Return each record verbatim, images excluded.

BEGIN STUDY MATERIAL

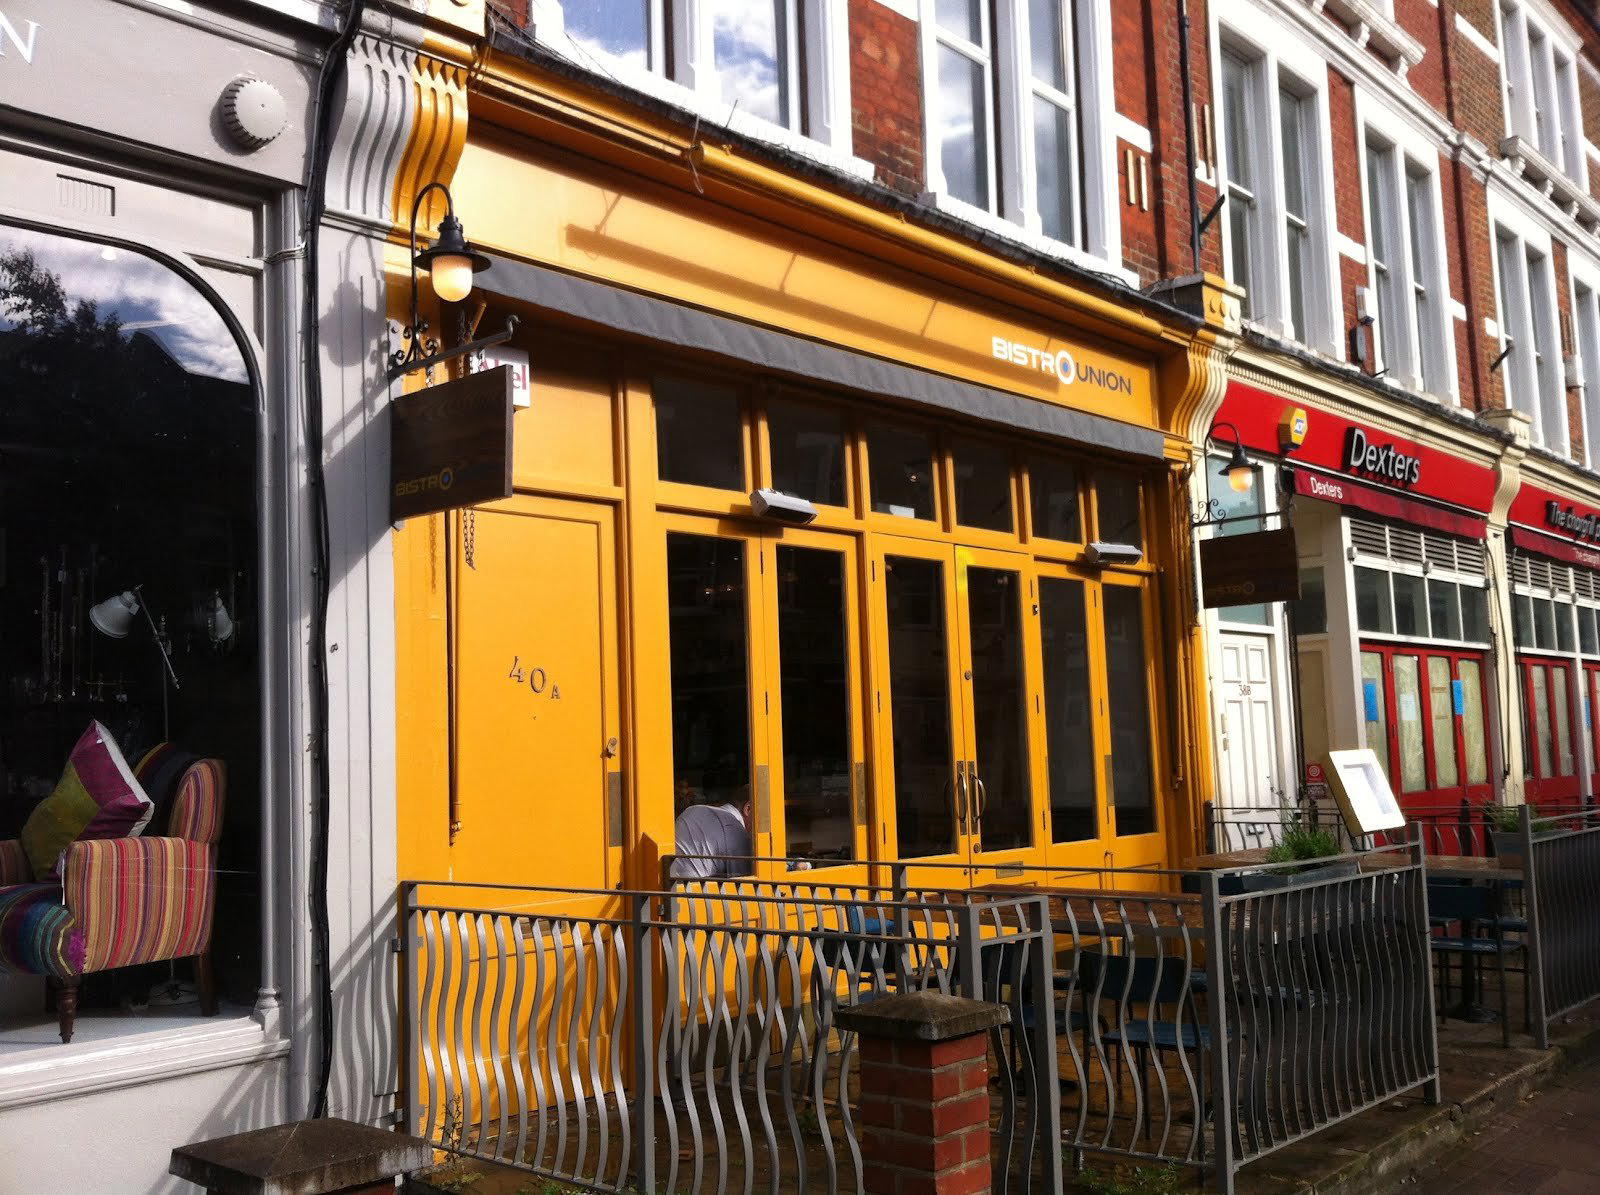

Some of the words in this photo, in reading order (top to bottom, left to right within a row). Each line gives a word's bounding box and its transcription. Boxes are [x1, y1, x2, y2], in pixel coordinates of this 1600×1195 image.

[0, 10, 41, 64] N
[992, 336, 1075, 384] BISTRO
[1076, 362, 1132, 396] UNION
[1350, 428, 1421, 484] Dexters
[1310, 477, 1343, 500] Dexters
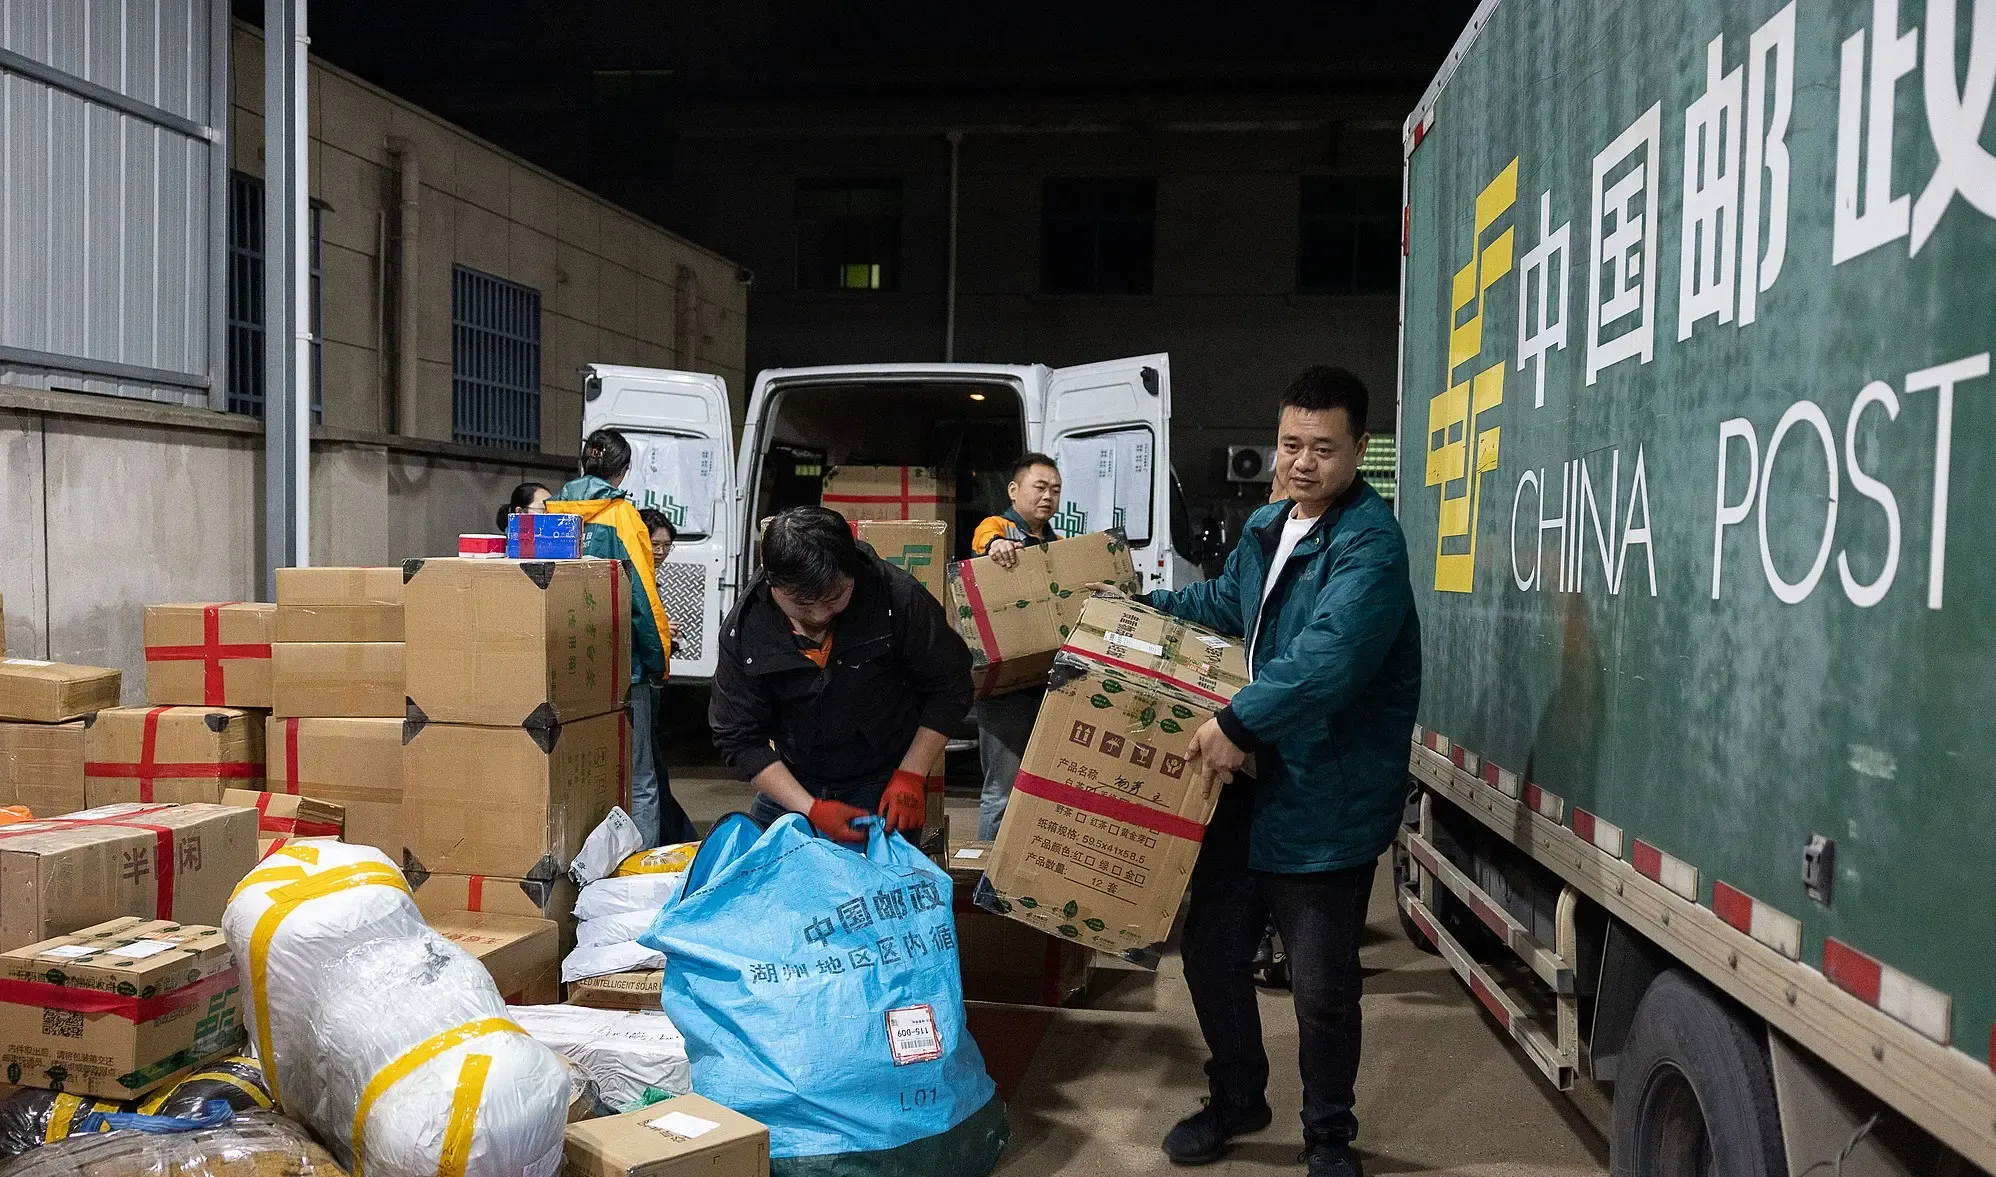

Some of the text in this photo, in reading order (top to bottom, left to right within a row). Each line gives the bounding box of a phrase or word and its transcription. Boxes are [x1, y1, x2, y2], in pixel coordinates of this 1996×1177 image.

END STUDY MATERIAL

REPLY ▸
Some of the words in this photo, in reading order (top to bottom, left to right within a row). Each line gives a word's bounding box and its transcription. Boxes are [x1, y1, x2, y2], in pixel coordinates of this 1600×1195 image.

[0, 10, 41, 64] N
[992, 336, 1075, 384] BISTRO
[1076, 362, 1132, 396] UNION
[1350, 428, 1421, 484] Dexters
[1310, 477, 1343, 500] Dexters

Some of the text in this photo, in reading order (top to bottom, left to right within a row). Each line gives the bounding box of a phrase or word and its transcription. Boxes are [x1, y1, x2, y2], in pixel coordinates of this 1996×1177 image.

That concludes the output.